Images for object localization

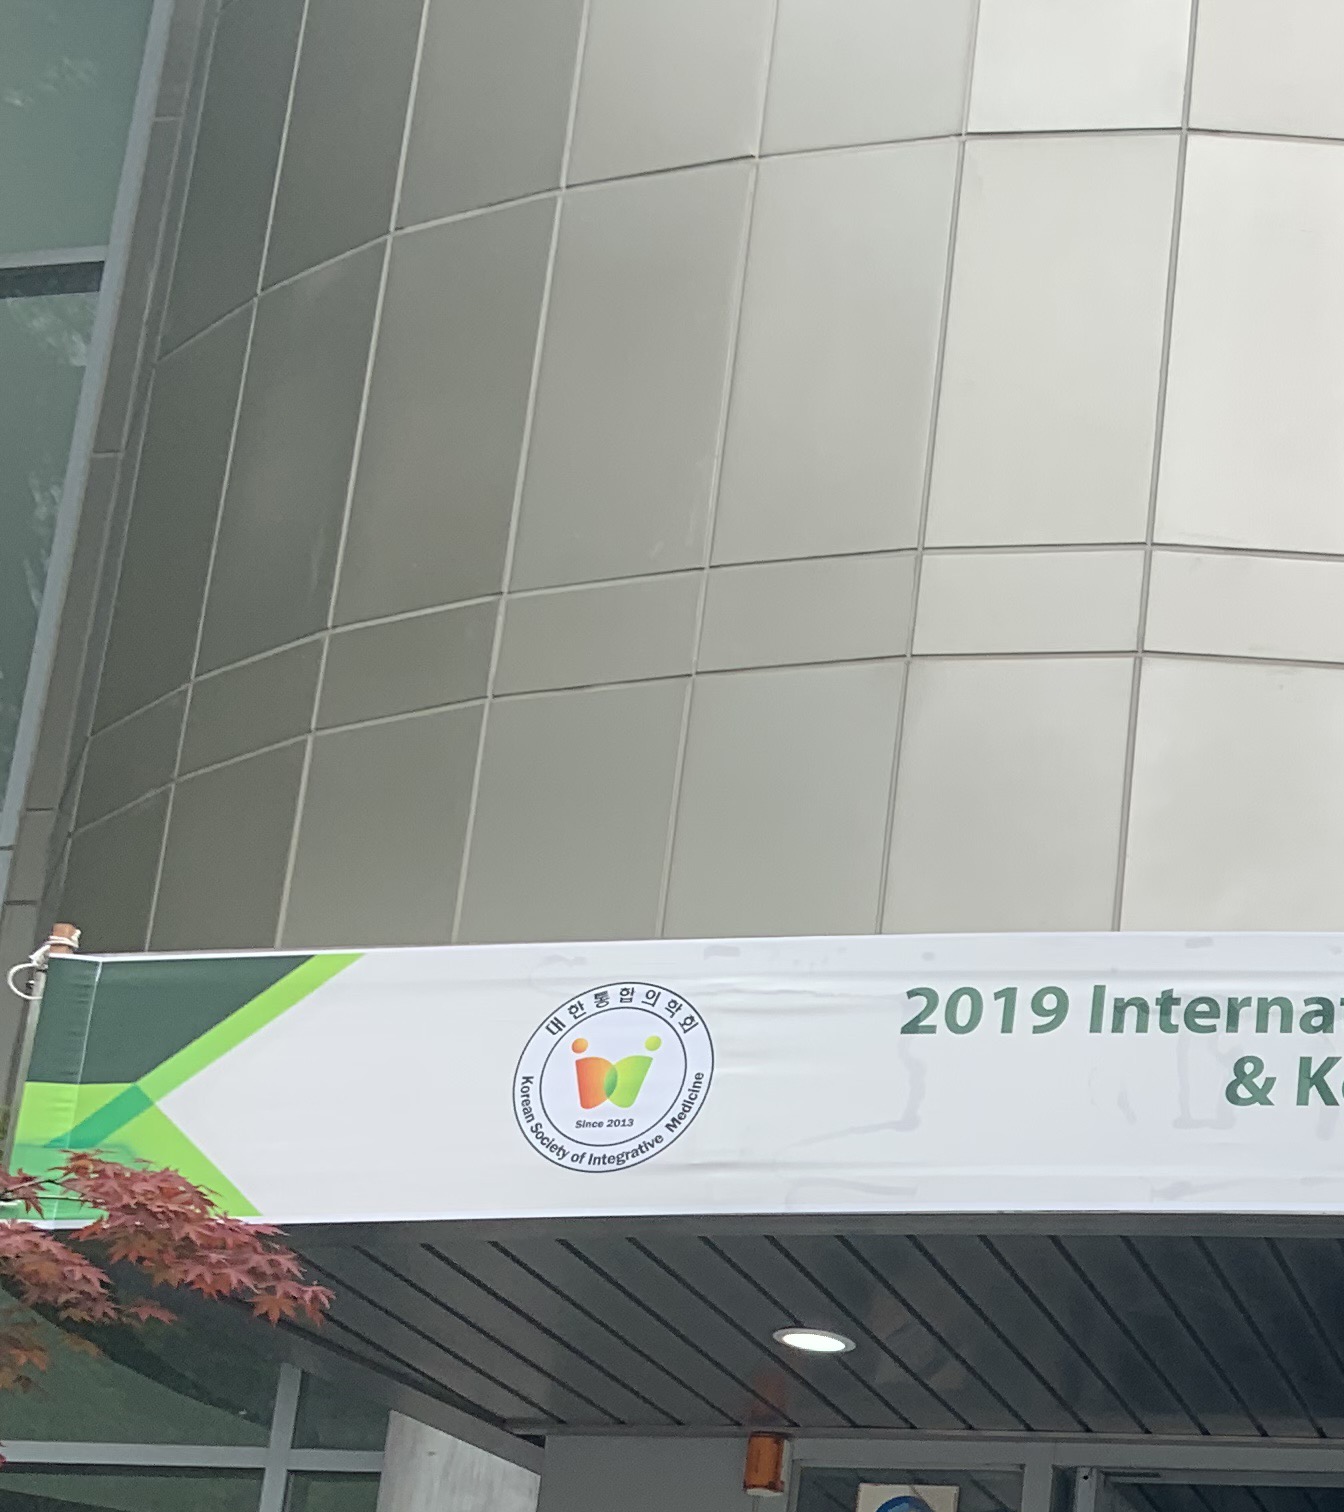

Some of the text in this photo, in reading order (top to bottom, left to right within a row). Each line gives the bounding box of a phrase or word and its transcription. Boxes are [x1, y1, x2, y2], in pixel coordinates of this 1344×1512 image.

[545, 987, 699, 1035] 대한통합의학회
[899, 985, 1070, 1035] 2019
[1224, 1055, 1277, 1107] &
[520, 1072, 705, 1166] Korean Society of Integrative Medicine
[575, 1118, 634, 1129] Since 2013

WHAT IS NEEDED — Keep the pictures out and print all the records exactly as they are.

RESULT FOR THIS EXERCISE —
Some of the text in this photo, in reading order (top to bottom, left to right within a row). Each line gives the bounding box of a phrase or word and its transcription. Boxes are [x1, y1, x2, y2], in pixel coordinates of this 1344×1512 image.

[545, 987, 699, 1035] 대한통합의학회
[899, 985, 1070, 1035] 2019
[1224, 1055, 1277, 1107] &
[520, 1072, 705, 1166] Korean Society of Integrative Medicine
[575, 1118, 634, 1129] Since 2013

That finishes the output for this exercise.